#### WORK REQUIRED
Reproduce all of the data below without alteration; exclude every picture.

#### SOURCE INFORMATION
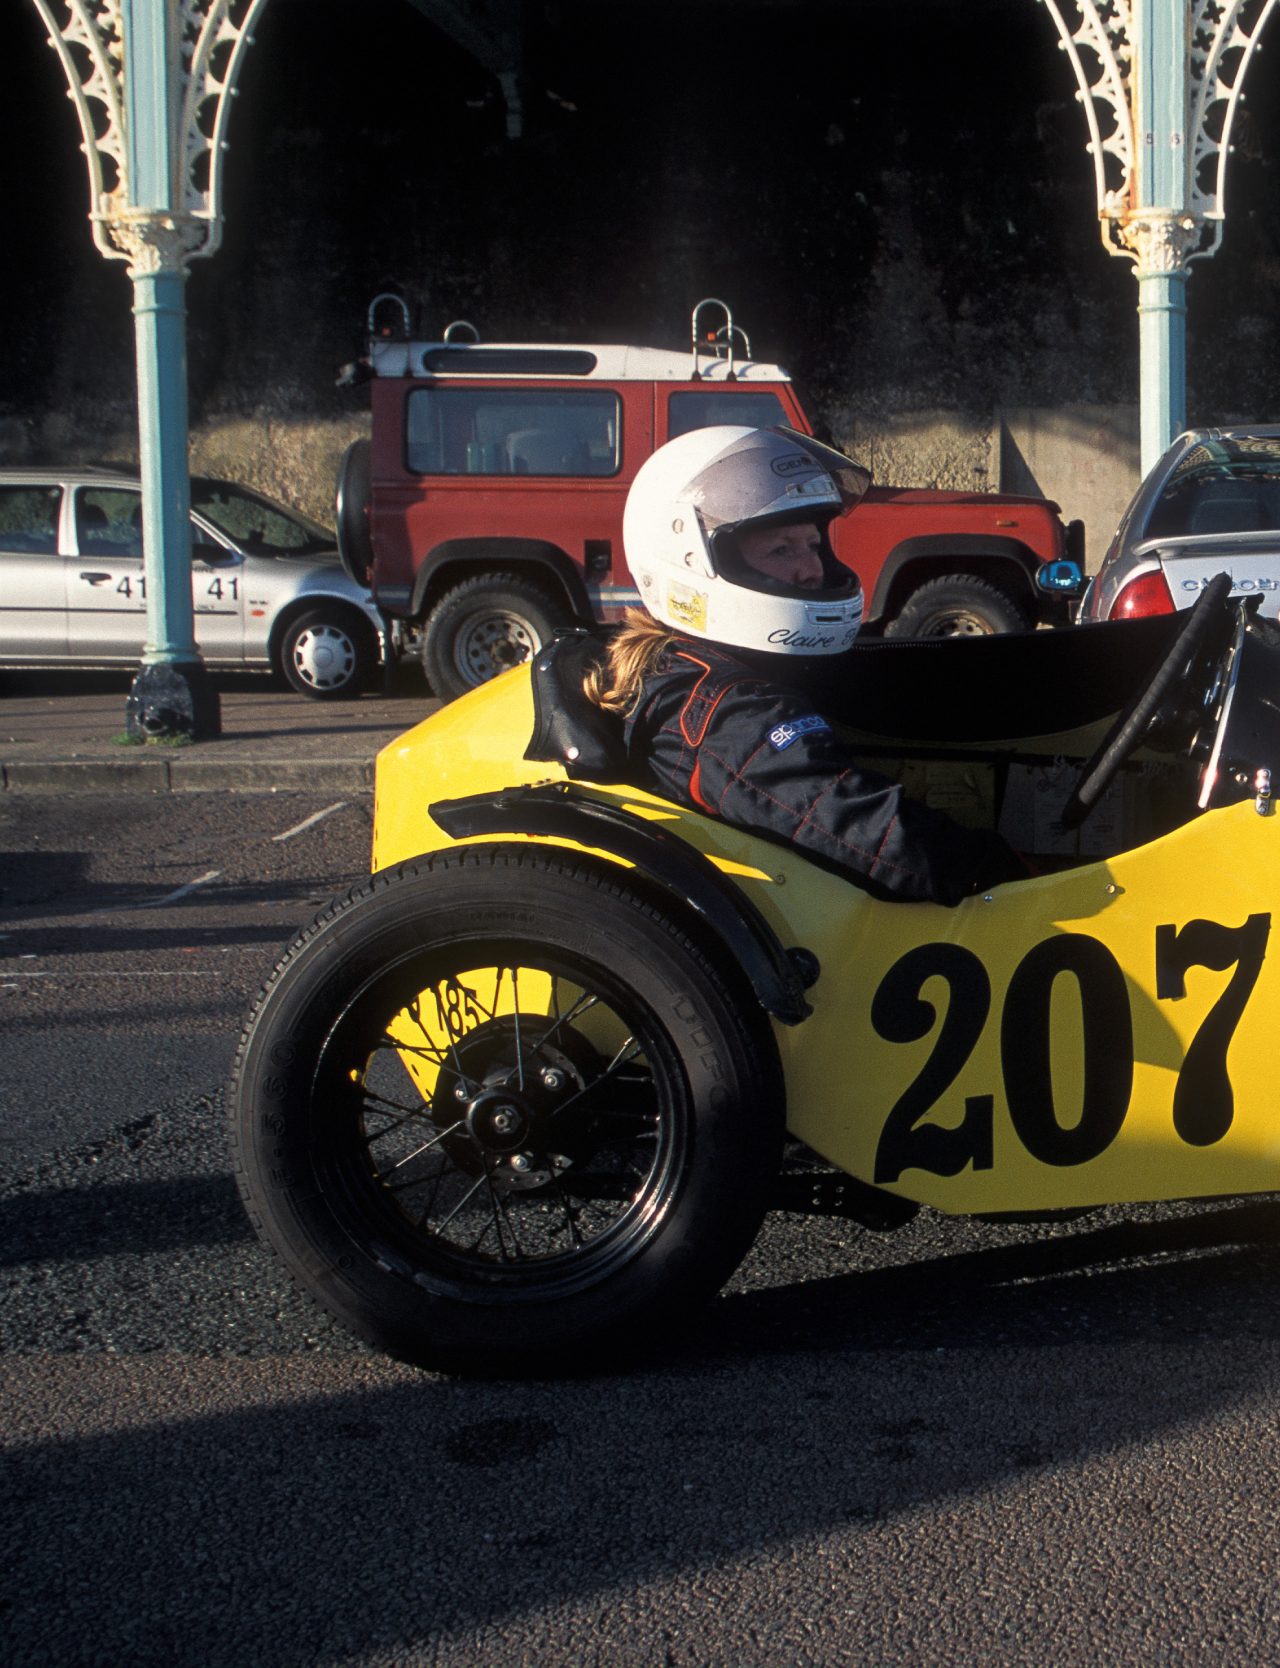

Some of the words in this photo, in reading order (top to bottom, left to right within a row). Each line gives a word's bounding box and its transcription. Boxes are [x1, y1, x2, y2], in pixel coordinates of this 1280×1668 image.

[116, 576, 146, 599] 41
[207, 577, 238, 600] 41
[767, 628, 835, 649] Claire
[871, 911, 1272, 1187] 207
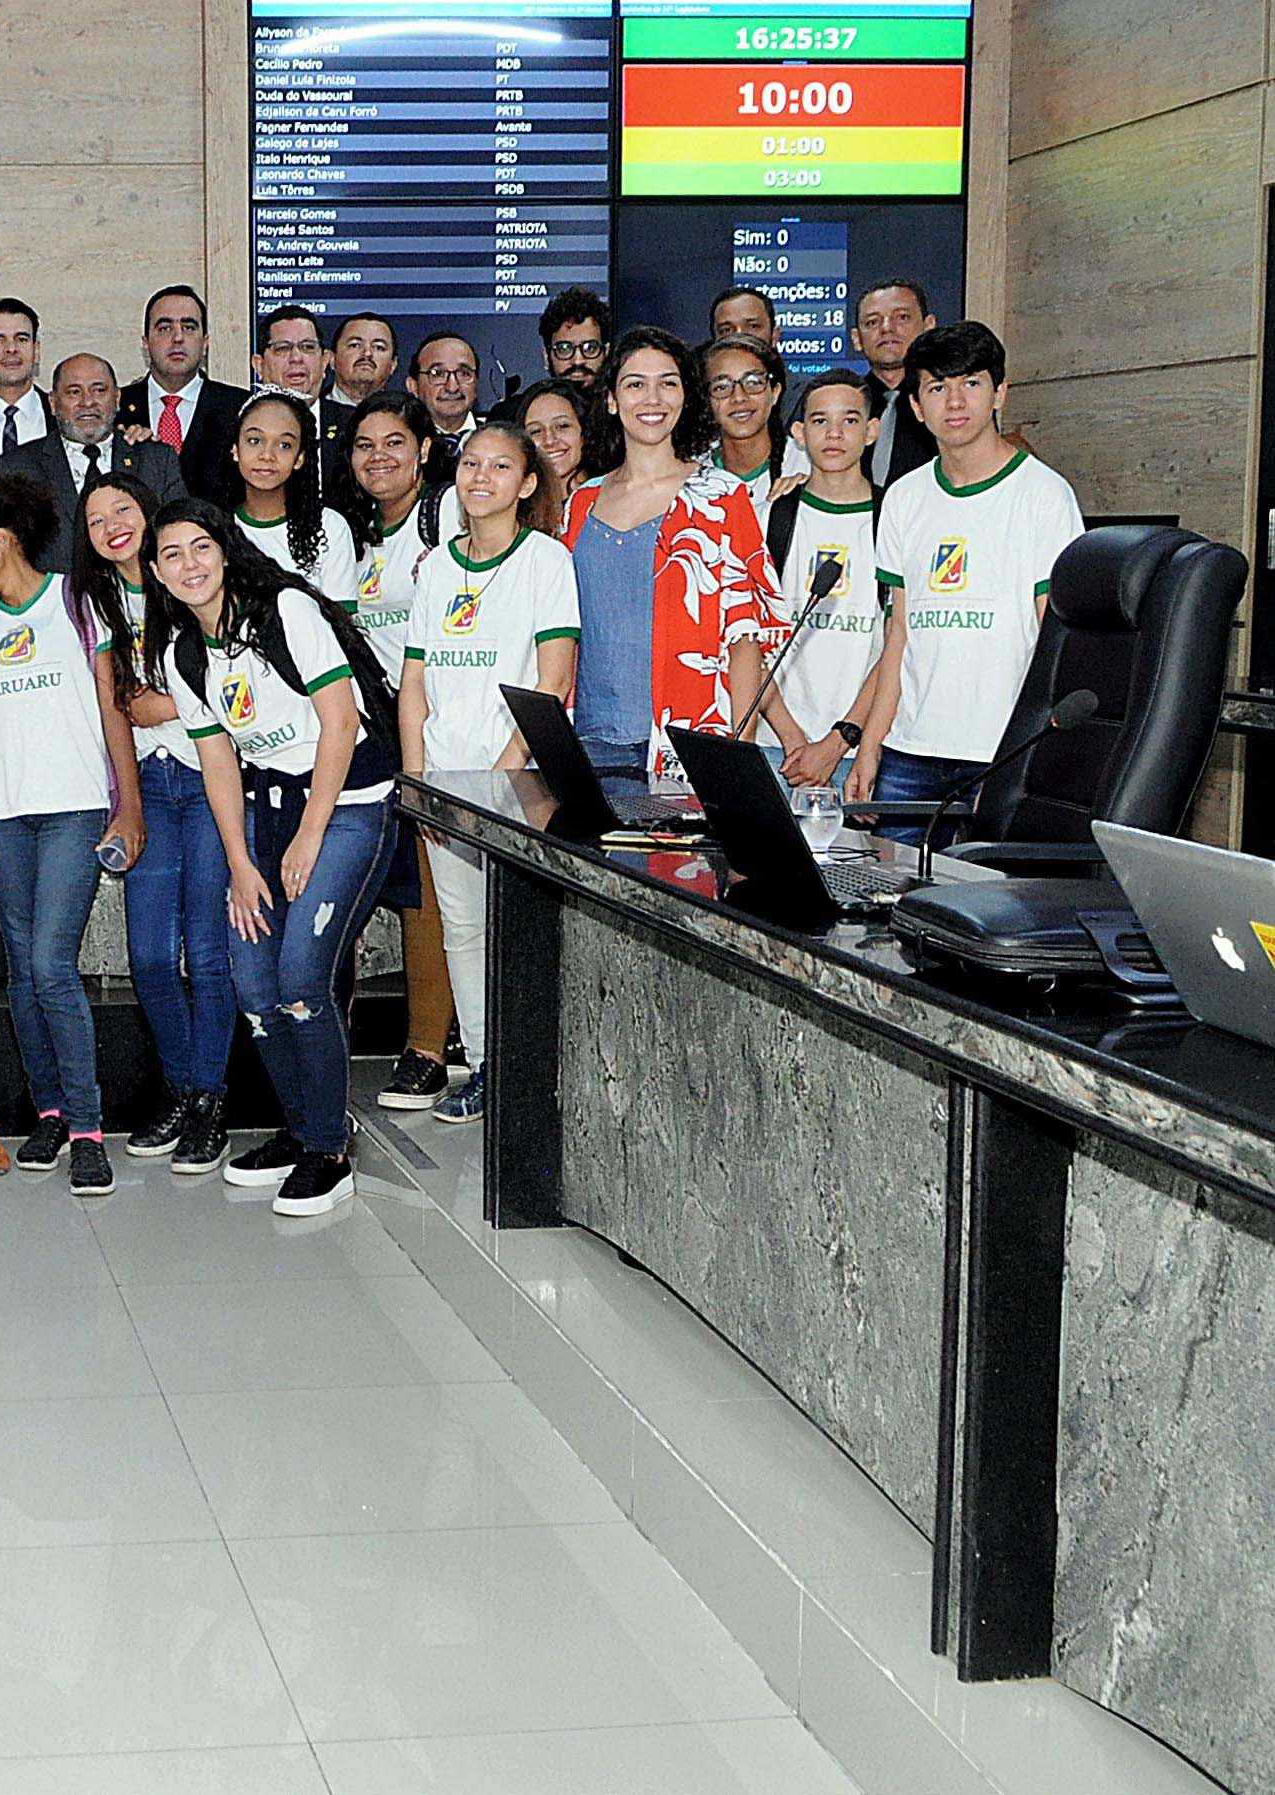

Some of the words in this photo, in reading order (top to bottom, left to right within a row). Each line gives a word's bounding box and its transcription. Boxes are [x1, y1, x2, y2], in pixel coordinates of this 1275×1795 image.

#### RESPONSE
Some of the words in this photo, in reading order (top to bottom, left to right within a row). Each line gives a word's bounding box and its transcription. Boxes are [x1, y1, x2, y2], in pixel coordinates of this 1280×1668 image.

[116, 576, 146, 599] 41
[207, 577, 238, 600] 41
[767, 628, 835, 649] Claire
[871, 911, 1272, 1187] 207

Some of the words in this photo, in reading order (top to bottom, left to right within a row). Each line gives a word's bounding box and its transcription. Boxes are [x1, y1, x2, y2], in pixel coordinates of this 1275×1795 image.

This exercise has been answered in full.